An old woman looking out her cabin window and seeing ghosts on her porch, rocking.
And there they both were. . .

My grandmother joined us under the big hickory tree and sat herself down on a cane-bottomed chair with a sigh. She grabbed a handful of green beans to snap.

My mom tried to intercept the beans but was too late. 'Let us do that,' she offered (futilely). 'You're tired.' My mom, a perfectionist, felt that her mother-in-law left too many strings in her green beans. But my grandmother wasn't having any of that and continued to snap beans. In an attempt to help out, I grabbed another handful and resolved to string faster.

Snapping beans was the only thing any of us was up to doing with any speed on this August afternoon. It must have been 105° (yes, Fahrenheit) in the sun and it wasn't much cooler in the shade. The men were on the other side of the house, chilling on the porch. Earlier, when it wasn't quite so hot, a mere 90° or so, my uncle Bill had been involved in a ballistics demonstration with the Civil War-era rifle he'd brought to show us.

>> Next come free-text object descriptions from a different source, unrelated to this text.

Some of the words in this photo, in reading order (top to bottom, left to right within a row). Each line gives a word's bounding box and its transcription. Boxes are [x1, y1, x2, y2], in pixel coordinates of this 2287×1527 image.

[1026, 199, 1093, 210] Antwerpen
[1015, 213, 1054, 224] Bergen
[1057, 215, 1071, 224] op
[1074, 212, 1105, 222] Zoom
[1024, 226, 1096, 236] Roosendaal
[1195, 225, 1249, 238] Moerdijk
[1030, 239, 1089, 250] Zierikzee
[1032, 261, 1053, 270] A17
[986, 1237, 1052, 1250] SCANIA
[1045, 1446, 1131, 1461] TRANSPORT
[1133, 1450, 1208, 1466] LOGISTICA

The rifle was a muzzle-loader and Bill, ever-meticulous, had spent most of an hour methodically loading it with the help of a ramrod. As he did, he and my grandfather had discussed the possibility of using 'that-air groundhog down in the holler over yonder' for target practice.

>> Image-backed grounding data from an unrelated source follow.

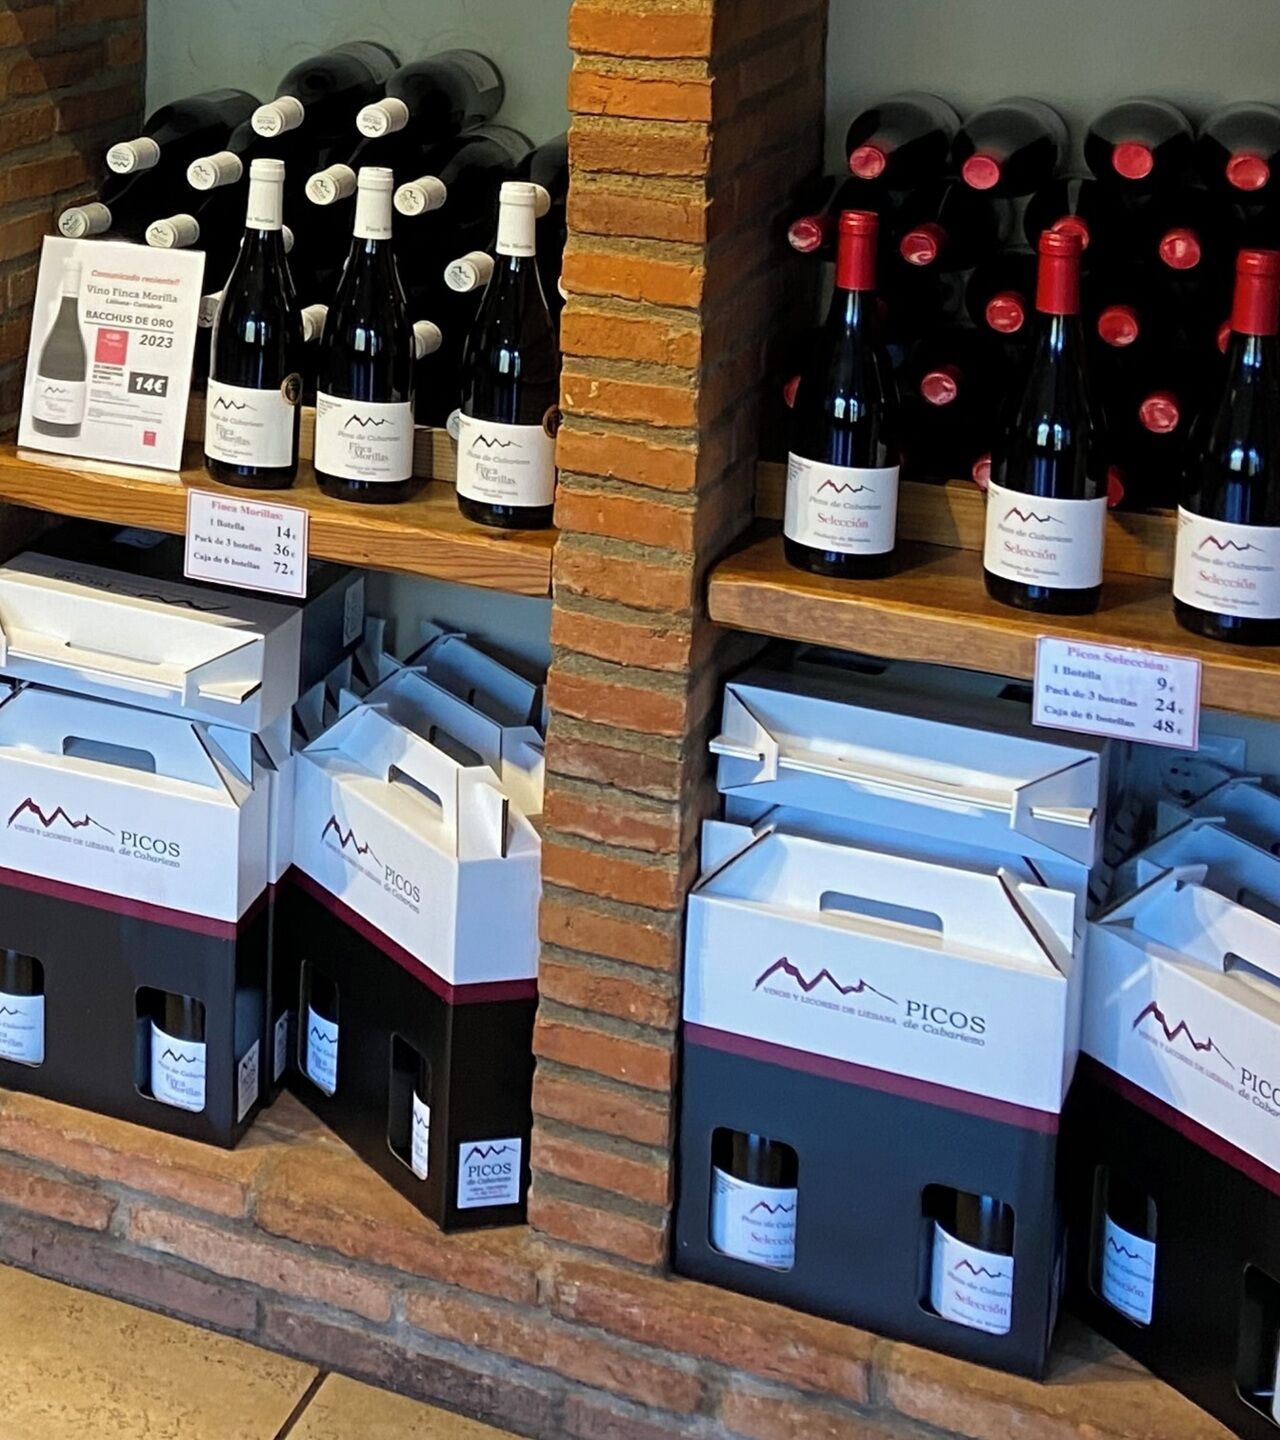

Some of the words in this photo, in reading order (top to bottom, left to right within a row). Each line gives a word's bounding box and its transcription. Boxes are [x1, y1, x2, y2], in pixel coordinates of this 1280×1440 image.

[87, 284, 110, 296] Vino
[112, 287, 139, 299] Finca
[143, 291, 178, 303] Morilla
[86, 310, 132, 324] BACCHUS
[135, 316, 148, 326] DE
[151, 318, 173, 328] ORO
[139, 334, 173, 349] 2023
[135, 376, 166, 393] 14€
[211, 501, 237, 512] Finca
[240, 505, 283, 520] Morillas:
[217, 519, 245, 531] Botella
[816, 510, 869, 531] Selección
[195, 534, 212, 544] Pack
[226, 538, 231, 546] 3
[233, 540, 262, 552] botellas
[194, 552, 211, 561] Caja
[213, 555, 222, 563] de
[232, 558, 260, 569] botellas
[1067, 646, 1101, 660] Picos
[1104, 652, 1169, 672] Selección:
[1063, 666, 1102, 681] Botella
[1045, 685, 1070, 697] Pack
[1073, 690, 1084, 699] de
[1088, 691, 1095, 700] 3
[1098, 693, 1138, 708] botellas
[1044, 705, 1068, 717] Caja
[1071, 710, 1083, 720] de
[1086, 711, 1093, 720] 6
[1096, 713, 1136, 728] botellas
[121, 830, 181, 857] PICOS
[384, 865, 421, 904] PICOS
[906, 999, 987, 1035] PICOS
[467, 1161, 513, 1177] PICOS

I was alarmed. I took the existence of this groundhog on blind faith, literally: both of these men could spot a bird perched atop a 100-foot tree, while I had difficulty seeing sheet music at two feet through thick glasses. My faith in their visual acuity was, indeed, the evidence of things not seen – but I hoped they wouldn't put a premature end to the lifespan of an innocent quadruped just to test an antique.

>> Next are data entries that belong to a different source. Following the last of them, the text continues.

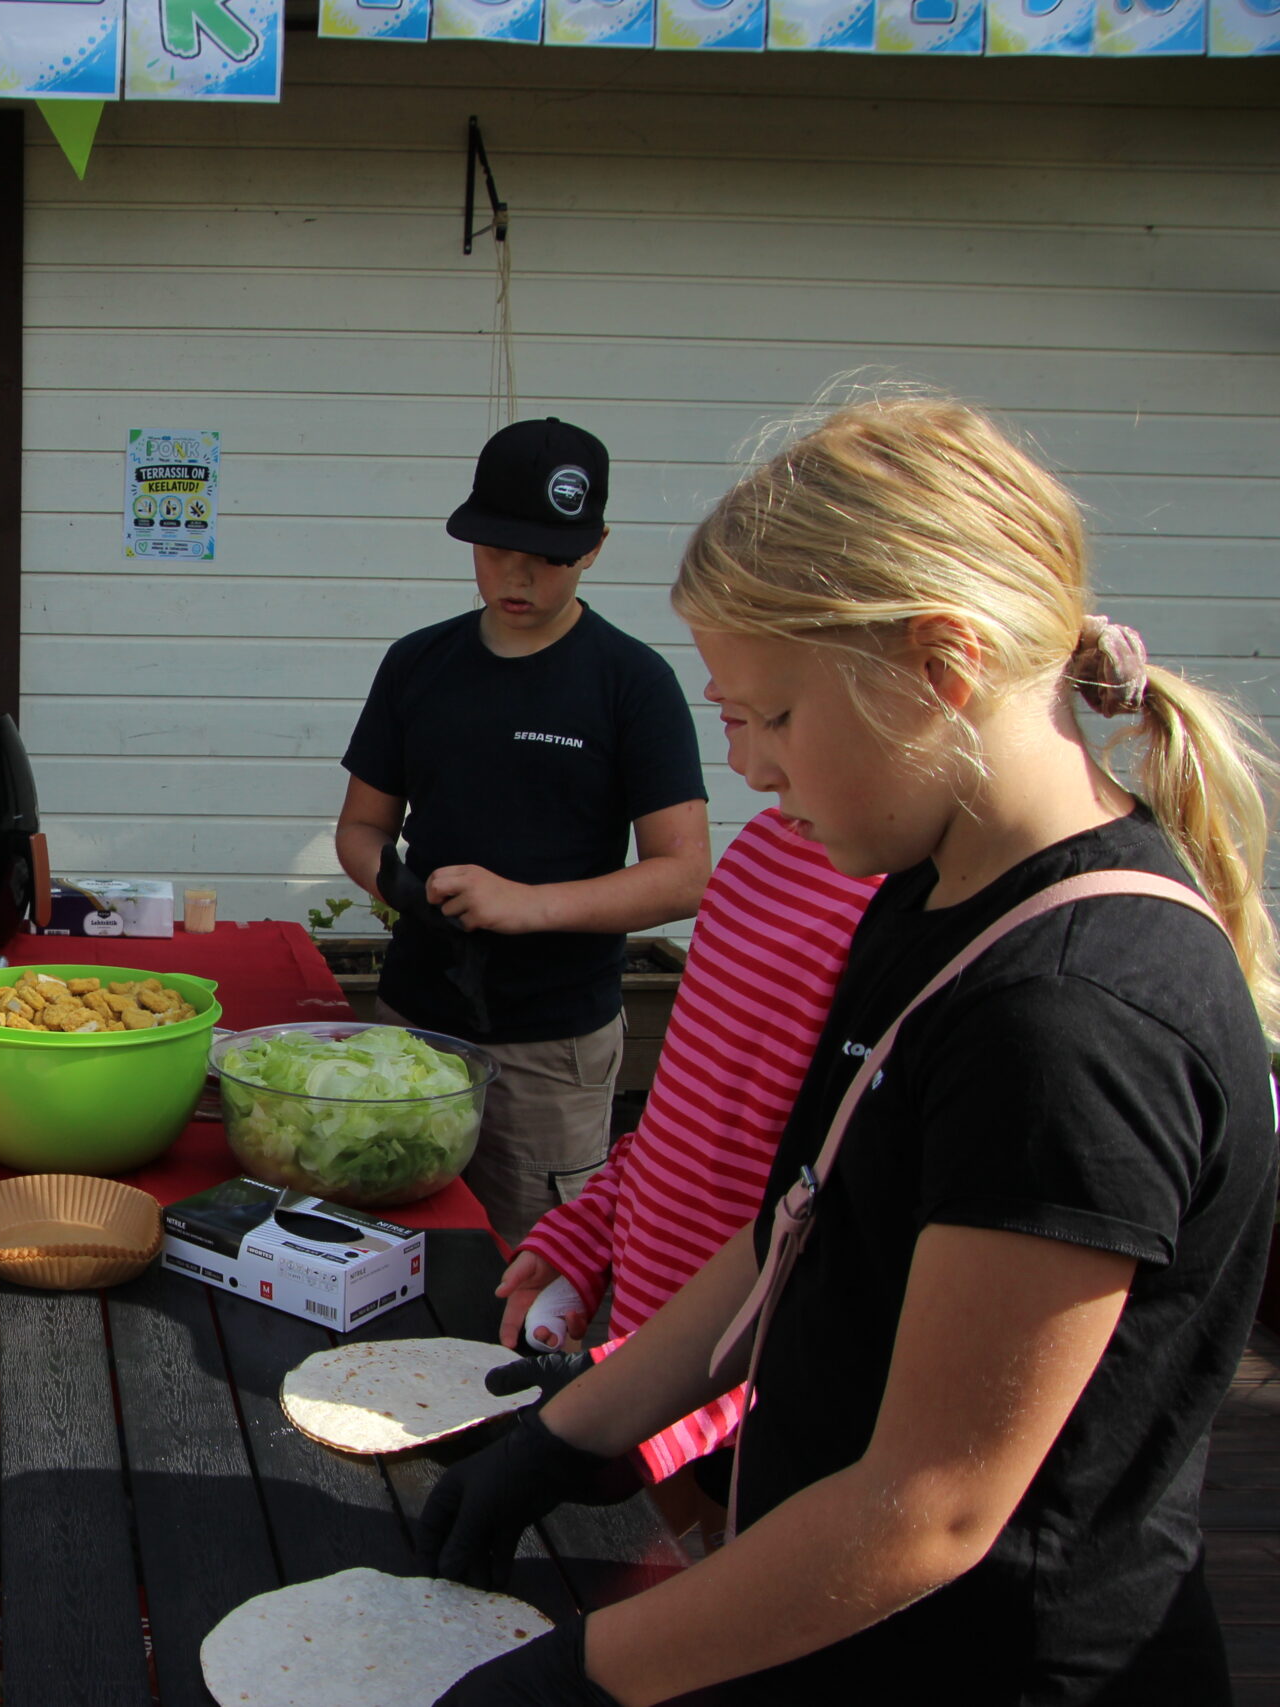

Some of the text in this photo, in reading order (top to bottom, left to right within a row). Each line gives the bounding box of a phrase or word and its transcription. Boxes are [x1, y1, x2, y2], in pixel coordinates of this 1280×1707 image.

[140, 466, 205, 480] TERRASSIL ON
[148, 482, 200, 493] KEELATUD!
[513, 731, 583, 748] SEBASTIAN
[376, 1220, 414, 1235] NITRILE
[262, 1285, 270, 1294] M

After much discussion of the firearm's features and what they knew from their own grandfathers about 'the war' – meaning the one that had taken place where we were sitting and standing (and which my grandfather's grandfather had fought in, which was why he named his son 'Robert Lee', I guess), and not, for instance, the one Bill had been in, which took place in faraway Korea and involved Bill and his brother Ike being snipers, which I gathered they hadn't enjoyed at all, Bill finally pronounced the weapon ready to shoot.

Whereupon he took careful aim and fired. Across the empty road. Down into the grassy holler. Close over the head of the grazing groundhog – a deliberate miss. The report echoed sharply against the quiet between the two mountain ridges. The woodchuck looked up in annoyance and ambled off, grumbling to itself. My uncle winked at my relieved expression.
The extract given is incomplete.